━━━ Given data ━━━
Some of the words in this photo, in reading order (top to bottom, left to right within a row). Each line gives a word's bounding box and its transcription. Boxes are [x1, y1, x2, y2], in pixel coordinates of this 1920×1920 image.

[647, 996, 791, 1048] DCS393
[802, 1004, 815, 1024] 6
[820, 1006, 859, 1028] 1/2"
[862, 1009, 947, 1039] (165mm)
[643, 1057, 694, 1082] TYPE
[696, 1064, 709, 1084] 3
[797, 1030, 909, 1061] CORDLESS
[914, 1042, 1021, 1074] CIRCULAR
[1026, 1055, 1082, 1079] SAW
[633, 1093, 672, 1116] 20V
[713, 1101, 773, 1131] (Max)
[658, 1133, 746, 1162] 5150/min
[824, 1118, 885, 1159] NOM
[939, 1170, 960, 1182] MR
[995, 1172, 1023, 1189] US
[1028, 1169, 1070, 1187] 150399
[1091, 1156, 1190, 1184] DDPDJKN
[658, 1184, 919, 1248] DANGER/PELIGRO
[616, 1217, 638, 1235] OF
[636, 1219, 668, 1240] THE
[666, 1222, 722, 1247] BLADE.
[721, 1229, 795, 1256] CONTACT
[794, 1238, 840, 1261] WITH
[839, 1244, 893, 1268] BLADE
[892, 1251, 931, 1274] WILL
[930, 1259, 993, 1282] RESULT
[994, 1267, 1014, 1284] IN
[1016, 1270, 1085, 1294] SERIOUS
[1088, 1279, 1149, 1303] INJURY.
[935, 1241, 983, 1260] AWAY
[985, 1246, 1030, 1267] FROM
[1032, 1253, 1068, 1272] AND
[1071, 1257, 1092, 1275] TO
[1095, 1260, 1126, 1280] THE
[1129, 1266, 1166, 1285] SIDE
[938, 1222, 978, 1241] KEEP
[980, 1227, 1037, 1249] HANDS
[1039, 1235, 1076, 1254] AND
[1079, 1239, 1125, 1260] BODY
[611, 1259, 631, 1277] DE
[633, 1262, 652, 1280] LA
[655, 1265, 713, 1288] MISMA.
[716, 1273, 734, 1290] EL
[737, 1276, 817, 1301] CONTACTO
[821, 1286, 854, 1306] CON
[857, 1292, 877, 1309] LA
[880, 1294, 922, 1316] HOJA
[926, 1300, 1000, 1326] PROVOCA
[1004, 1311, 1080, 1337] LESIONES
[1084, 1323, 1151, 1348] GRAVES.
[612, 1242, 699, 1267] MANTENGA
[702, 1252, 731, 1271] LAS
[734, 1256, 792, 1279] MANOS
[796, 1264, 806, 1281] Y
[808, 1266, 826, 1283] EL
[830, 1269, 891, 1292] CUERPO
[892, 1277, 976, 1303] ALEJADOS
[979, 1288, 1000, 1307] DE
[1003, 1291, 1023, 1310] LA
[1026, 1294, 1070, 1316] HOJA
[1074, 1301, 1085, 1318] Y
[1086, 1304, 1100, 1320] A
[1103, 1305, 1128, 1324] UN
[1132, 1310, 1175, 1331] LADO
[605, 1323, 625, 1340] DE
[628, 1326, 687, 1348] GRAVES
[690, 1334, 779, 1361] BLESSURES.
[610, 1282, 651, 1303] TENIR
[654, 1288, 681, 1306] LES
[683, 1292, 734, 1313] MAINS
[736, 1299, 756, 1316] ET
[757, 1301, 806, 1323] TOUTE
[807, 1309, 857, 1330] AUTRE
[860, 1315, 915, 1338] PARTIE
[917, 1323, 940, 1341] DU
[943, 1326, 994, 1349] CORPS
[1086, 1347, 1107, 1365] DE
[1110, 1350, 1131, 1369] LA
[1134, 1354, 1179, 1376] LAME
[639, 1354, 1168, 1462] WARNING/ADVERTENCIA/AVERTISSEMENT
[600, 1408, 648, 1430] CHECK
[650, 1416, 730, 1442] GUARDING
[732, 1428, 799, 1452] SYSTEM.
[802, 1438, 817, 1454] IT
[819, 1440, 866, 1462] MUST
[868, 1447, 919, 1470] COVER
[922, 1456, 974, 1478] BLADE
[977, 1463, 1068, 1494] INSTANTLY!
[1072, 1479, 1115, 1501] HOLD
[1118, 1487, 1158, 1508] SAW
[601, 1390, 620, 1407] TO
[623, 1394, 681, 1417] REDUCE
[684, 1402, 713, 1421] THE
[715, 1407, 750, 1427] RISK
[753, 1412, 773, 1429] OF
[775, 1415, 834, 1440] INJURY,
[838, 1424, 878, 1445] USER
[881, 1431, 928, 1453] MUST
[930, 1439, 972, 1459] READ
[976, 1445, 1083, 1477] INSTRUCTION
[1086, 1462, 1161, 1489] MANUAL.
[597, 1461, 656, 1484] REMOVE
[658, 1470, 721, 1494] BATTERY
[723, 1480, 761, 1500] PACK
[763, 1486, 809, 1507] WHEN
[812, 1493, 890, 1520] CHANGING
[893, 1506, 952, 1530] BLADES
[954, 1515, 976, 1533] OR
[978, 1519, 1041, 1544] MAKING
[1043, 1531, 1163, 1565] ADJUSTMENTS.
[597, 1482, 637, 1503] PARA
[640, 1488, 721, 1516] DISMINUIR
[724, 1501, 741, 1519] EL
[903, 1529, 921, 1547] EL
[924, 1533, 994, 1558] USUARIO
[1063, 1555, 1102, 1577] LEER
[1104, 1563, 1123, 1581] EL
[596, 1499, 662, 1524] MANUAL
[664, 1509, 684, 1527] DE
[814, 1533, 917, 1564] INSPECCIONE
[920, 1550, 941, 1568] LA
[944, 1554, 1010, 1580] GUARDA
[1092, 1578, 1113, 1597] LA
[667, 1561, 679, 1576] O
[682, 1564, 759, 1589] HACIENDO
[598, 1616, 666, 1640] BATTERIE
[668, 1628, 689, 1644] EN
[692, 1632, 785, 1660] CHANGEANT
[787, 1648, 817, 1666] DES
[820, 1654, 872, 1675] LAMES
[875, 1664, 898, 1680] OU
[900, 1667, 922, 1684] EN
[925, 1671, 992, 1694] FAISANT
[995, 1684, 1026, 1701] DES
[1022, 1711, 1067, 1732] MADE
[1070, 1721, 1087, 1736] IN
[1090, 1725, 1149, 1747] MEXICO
━━━
Exercise =>
Tally the lines in the records that hold the word "MUST", and state only the resulting number.

Exercise answer =>
2